Silenzio = Discriminazione

Silenzio = Discriminazione

Nel corso di questo mese Plus ha dato voce al blogger Mark S. King, che con la sua prosa accattivante e provocatoria ha messo qualche puntino sulle i.

Mark ha spiegato ai sieronegativi cosa significa, oggi, vivere con hiv, ha tracciato la linea che separa il rischio teorico dal rischio effettivo, ha parlato di bareback in maniera schietta e amorale e ha tentato, infine, di individuare in un film porno del 2004 l’inizio della moda del sesso senza preservativo, dandone un’interpretazione basata sui fatti.

Sulla medesima linea d’onda, fattuale e non ideologica (né tanto meno moralistica) ci sembra necessario concludere questo «settembre antistigma» con alcune considerazioni stringenti.

A cominciare dal ruolo del preservativo, che resta imprescindibile ma va ricontestualizzato. Il condom è una sine qua non valida per tutti, negativi e positivi, poiché è l’unico scudo utile ad arginare le infezioni sessualmente trasmissibili, da quelle croniche a quelle passeggere che possono comunque fiaccare il sistema immunitario e agevolare l’hiv. Oltretutto, la legge italiana non ha ancora recepito lo status «undetectable» (la non contagiosità di chi ha la viremia non rilevabile) che riguarda l’80% delle persone sieropositive diagnosticate nel nostro Paese, e questo va sempre tenuto presente in caso di incontri «sierodiscordanti».

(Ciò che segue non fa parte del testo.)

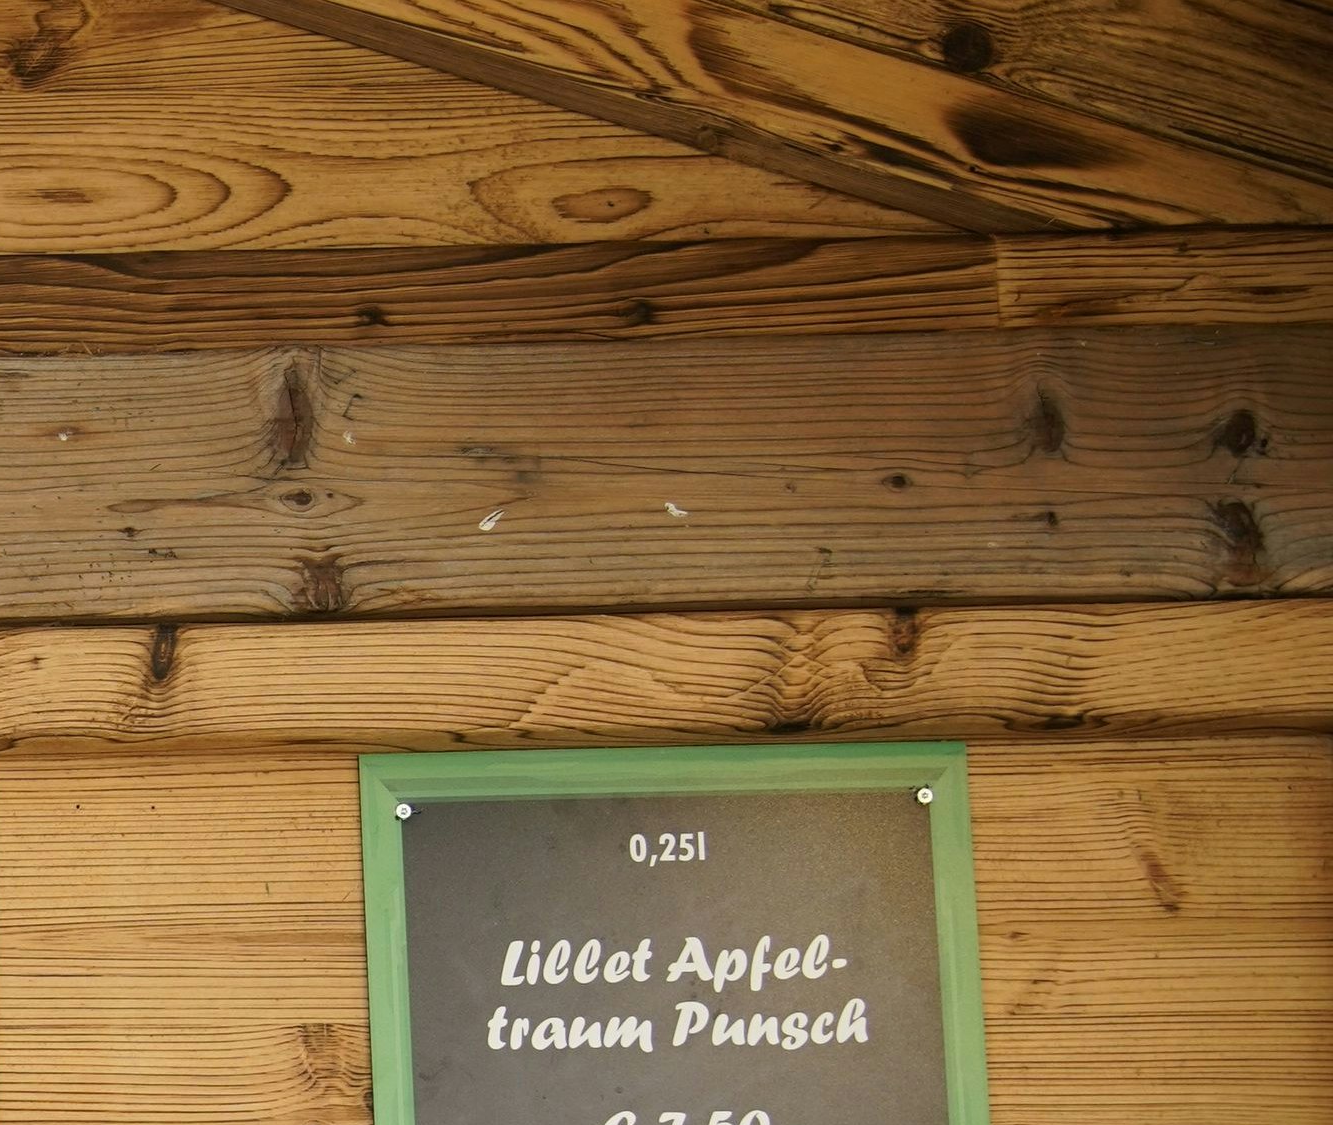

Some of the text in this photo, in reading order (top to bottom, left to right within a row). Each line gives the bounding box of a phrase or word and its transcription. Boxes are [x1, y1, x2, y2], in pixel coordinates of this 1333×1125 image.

Poi ci sono altri dati di realtà, a cominciare dalle idiosincrasie che da sempre, hiv o non hiv, penalizzano l’uso del condom. Motivo per cui è ora di riconoscere lo status di safer sex anche ad altri strumenti, a cominciare dalla TasP, vale a dire la terapia come prevenzione, i cui effetti succitati in tema di viremia stanno trovando conferma grazie allo studio Partner.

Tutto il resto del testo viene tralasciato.